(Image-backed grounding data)
· · · ·
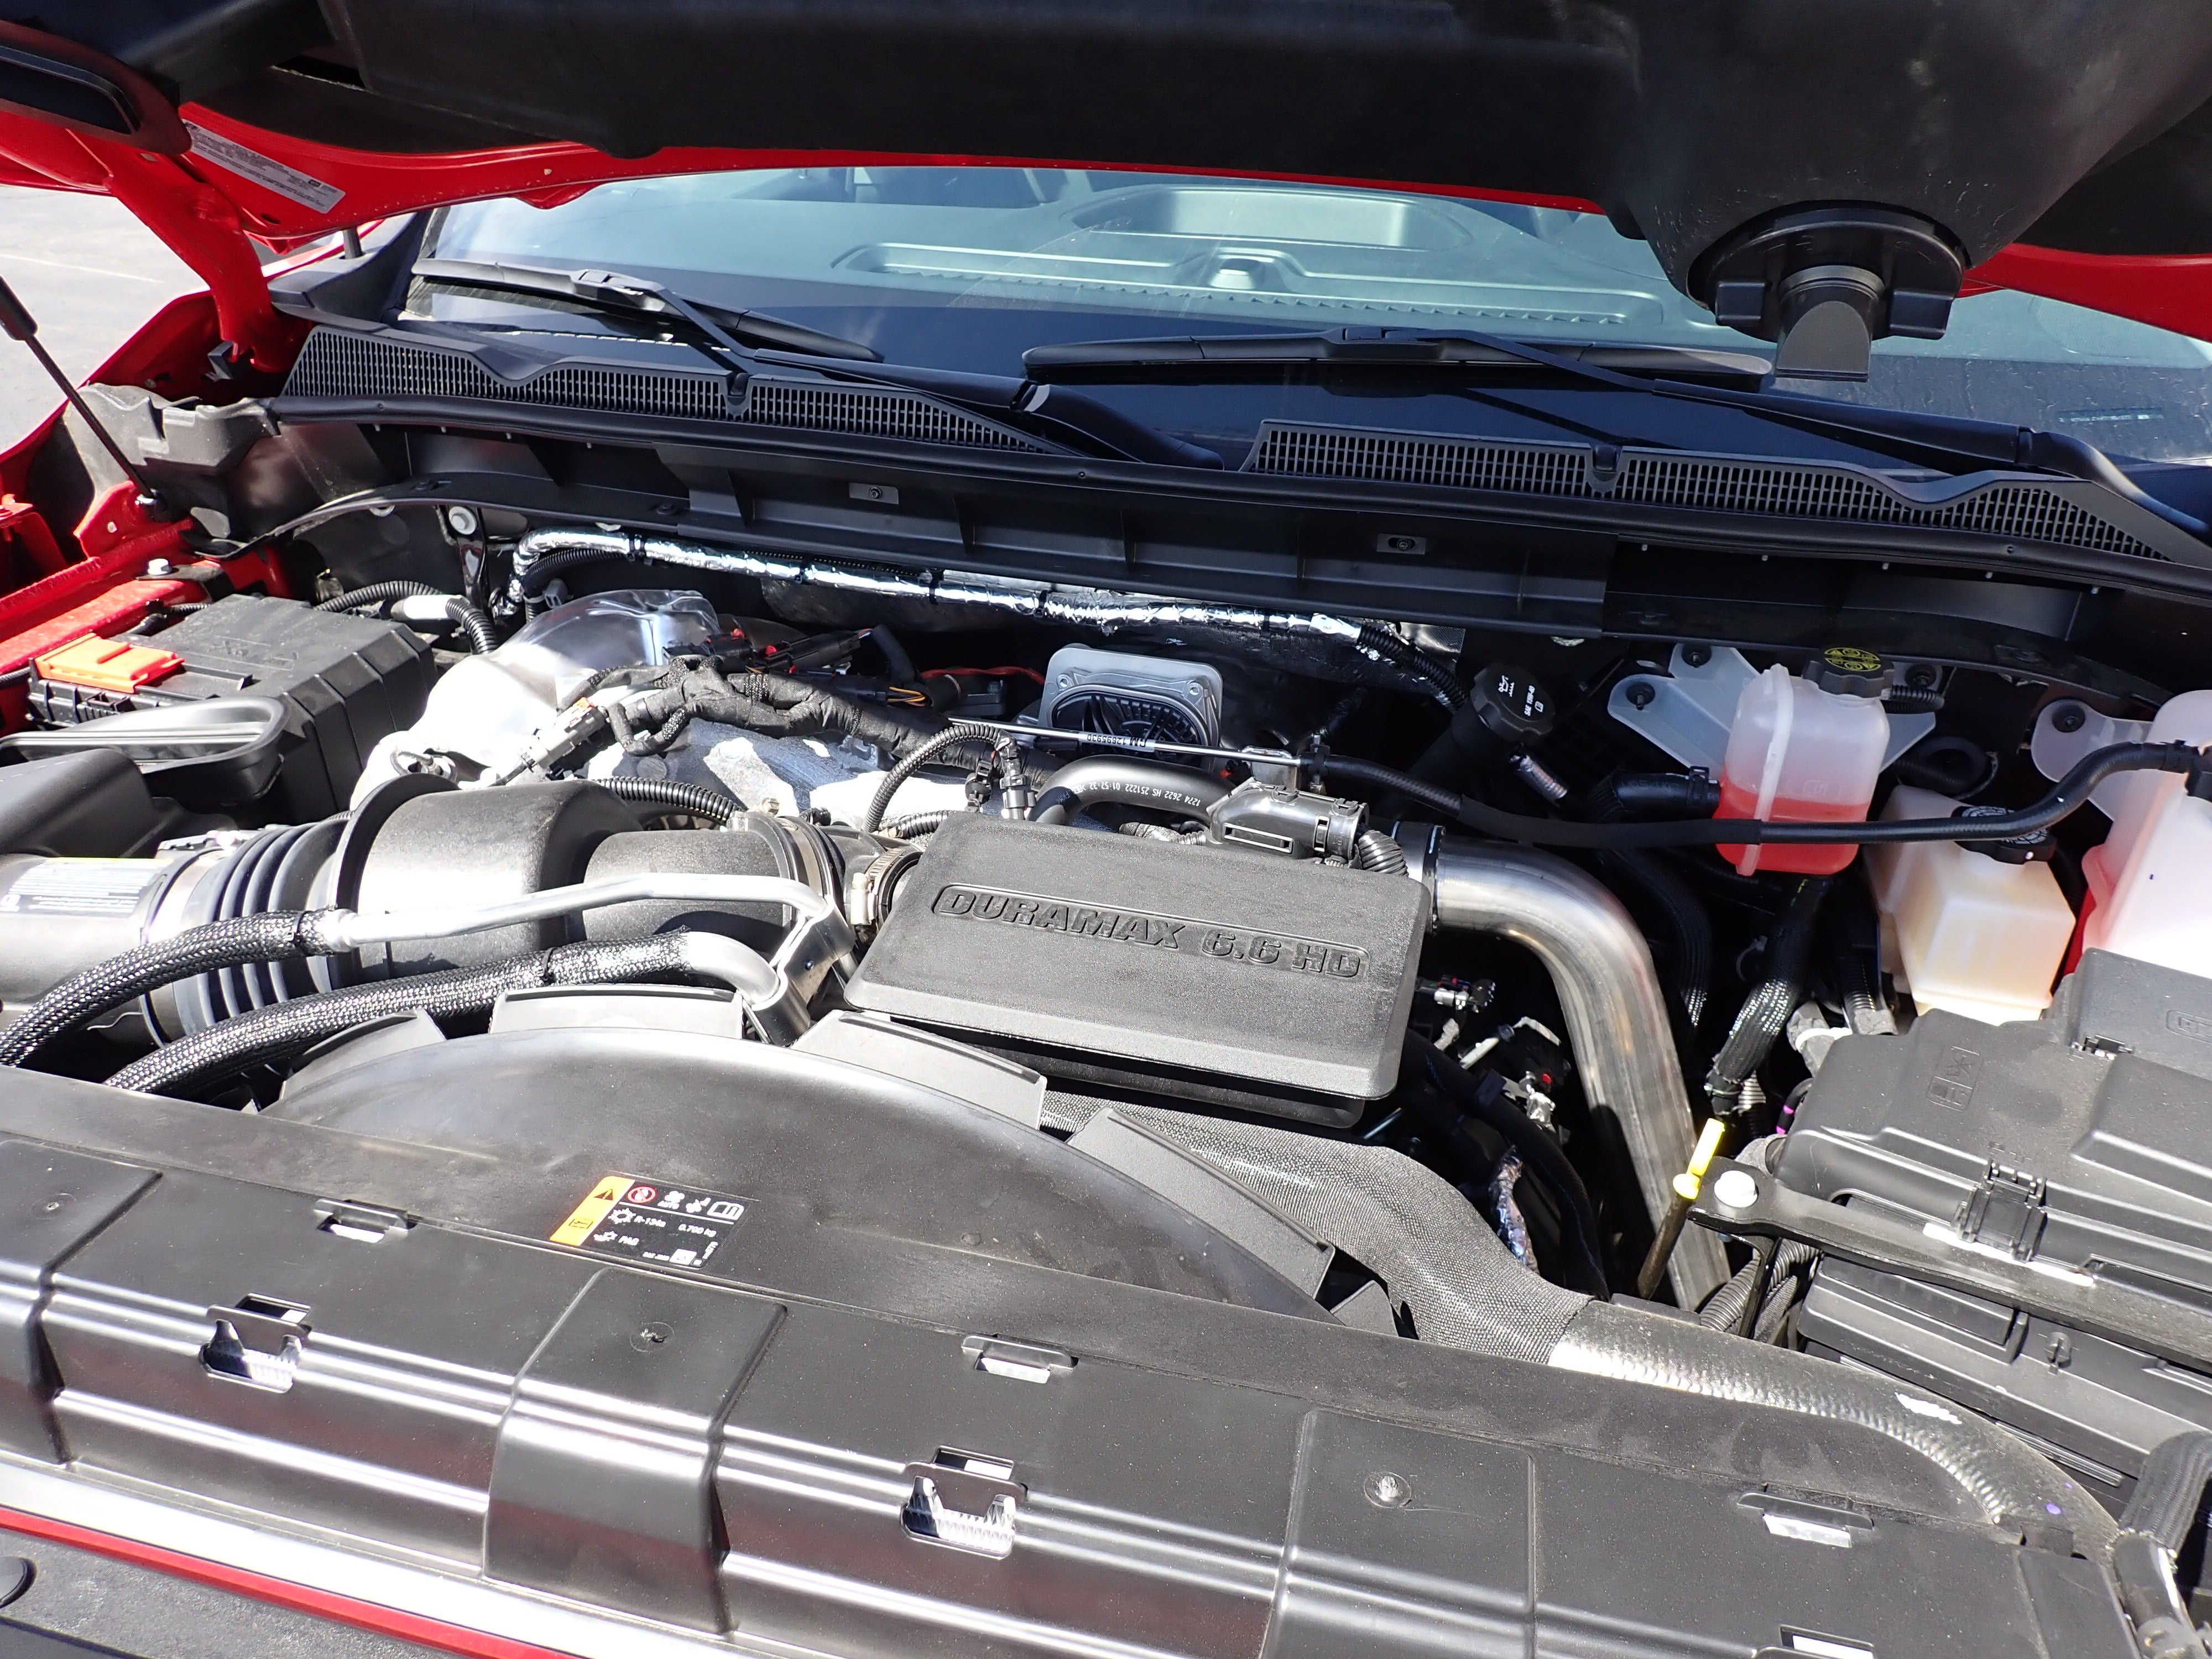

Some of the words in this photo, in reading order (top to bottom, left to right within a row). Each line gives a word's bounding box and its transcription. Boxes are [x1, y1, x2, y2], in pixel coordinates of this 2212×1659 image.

[1129, 737, 1147, 747] GM
[1089, 781, 1121, 790] 01:57:32
[1125, 783, 1150, 795] 251222
[1152, 788, 1162, 797] HS
[1164, 790, 1182, 801] 2622
[1185, 796, 1201, 807] 1274
[937, 889, 1186, 949] DURAMAX
[1200, 928, 1282, 964] 6.6
[1291, 944, 1362, 978] HD
[658, 1201, 680, 1209] AUTO
[634, 1215, 666, 1228] R-134a
[678, 1223, 704, 1234] 0.700
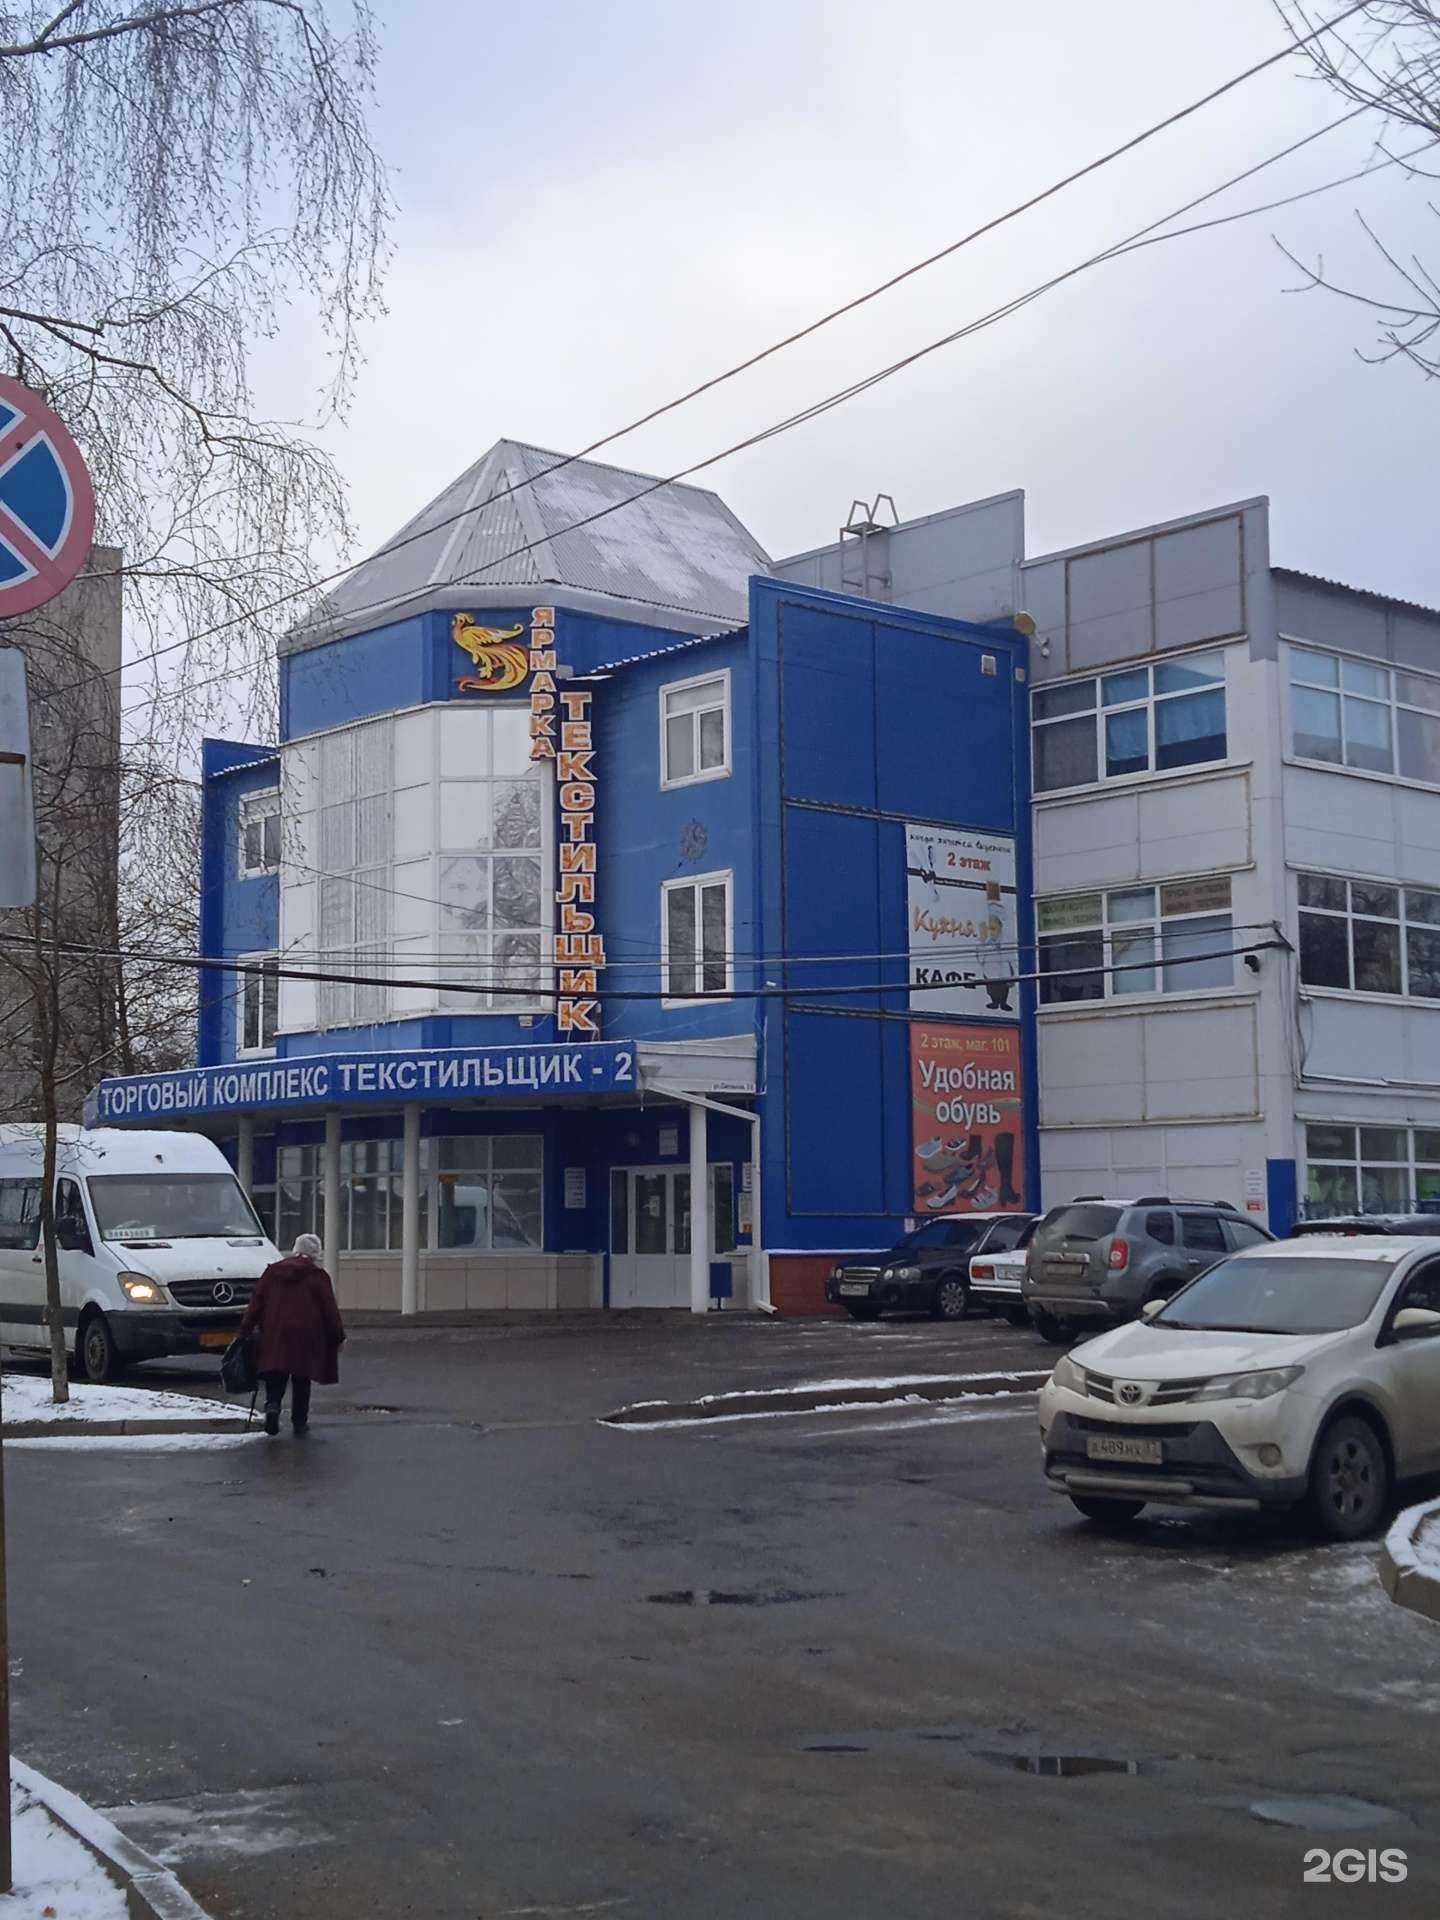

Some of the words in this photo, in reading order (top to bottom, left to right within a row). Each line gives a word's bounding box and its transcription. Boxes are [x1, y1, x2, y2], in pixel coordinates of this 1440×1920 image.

[529, 606, 558, 759] ЯРМАРКА
[554, 691, 606, 1031] ТЕКСТИЛЬЩИК
[947, 852, 956, 867] 2
[960, 857, 991, 871] этаж
[915, 967, 976, 989] КАФЕ
[921, 1033, 929, 1048] 2
[991, 1038, 1010, 1054] 101
[102, 1073, 207, 1115] ТОРГОВЫЙ
[212, 1065, 329, 1105] КОМПЛЕКС
[339, 1053, 583, 1091] ТЕКСТИЛЬЩИК
[614, 1052, 632, 1081] 2
[918, 1059, 1016, 1093] Удобная
[936, 1095, 1001, 1130] обувь
· · · ·
# Instructions to follow:
For this exercise, retype the data above exactly and skip every image.

# Written response:
Some of the words in this photo, in reading order (top to bottom, left to right within a row). Each line gives a word's bounding box and its transcription. Boxes are [x1, y1, x2, y2], in pixel coordinates of this 2212×1659 image.

[1129, 737, 1147, 747] GM
[1089, 781, 1121, 790] 01:57:32
[1125, 783, 1150, 795] 251222
[1152, 788, 1162, 797] HS
[1164, 790, 1182, 801] 2622
[1185, 796, 1201, 807] 1274
[937, 889, 1186, 949] DURAMAX
[1200, 928, 1282, 964] 6.6
[1291, 944, 1362, 978] HD
[658, 1201, 680, 1209] AUTO
[634, 1215, 666, 1228] R-134a
[678, 1223, 704, 1234] 0.700

Some of the words in this photo, in reading order (top to bottom, left to right within a row). Each line gives a word's bounding box and its transcription. Boxes are [x1, y1, x2, y2], in pixel coordinates of this 1440×1920 image.

[529, 606, 558, 759] ЯРМАРКА
[554, 691, 606, 1031] ТЕКСТИЛЬЩИК
[947, 852, 956, 867] 2
[960, 857, 991, 871] этаж
[915, 967, 976, 989] КАФЕ
[921, 1033, 929, 1048] 2
[991, 1038, 1010, 1054] 101
[102, 1073, 207, 1115] ТОРГОВЫЙ
[212, 1065, 329, 1105] КОМПЛЕКС
[339, 1053, 583, 1091] ТЕКСТИЛЬЩИК
[614, 1052, 632, 1081] 2
[918, 1059, 1016, 1093] Удобная
[936, 1095, 1001, 1130] обувь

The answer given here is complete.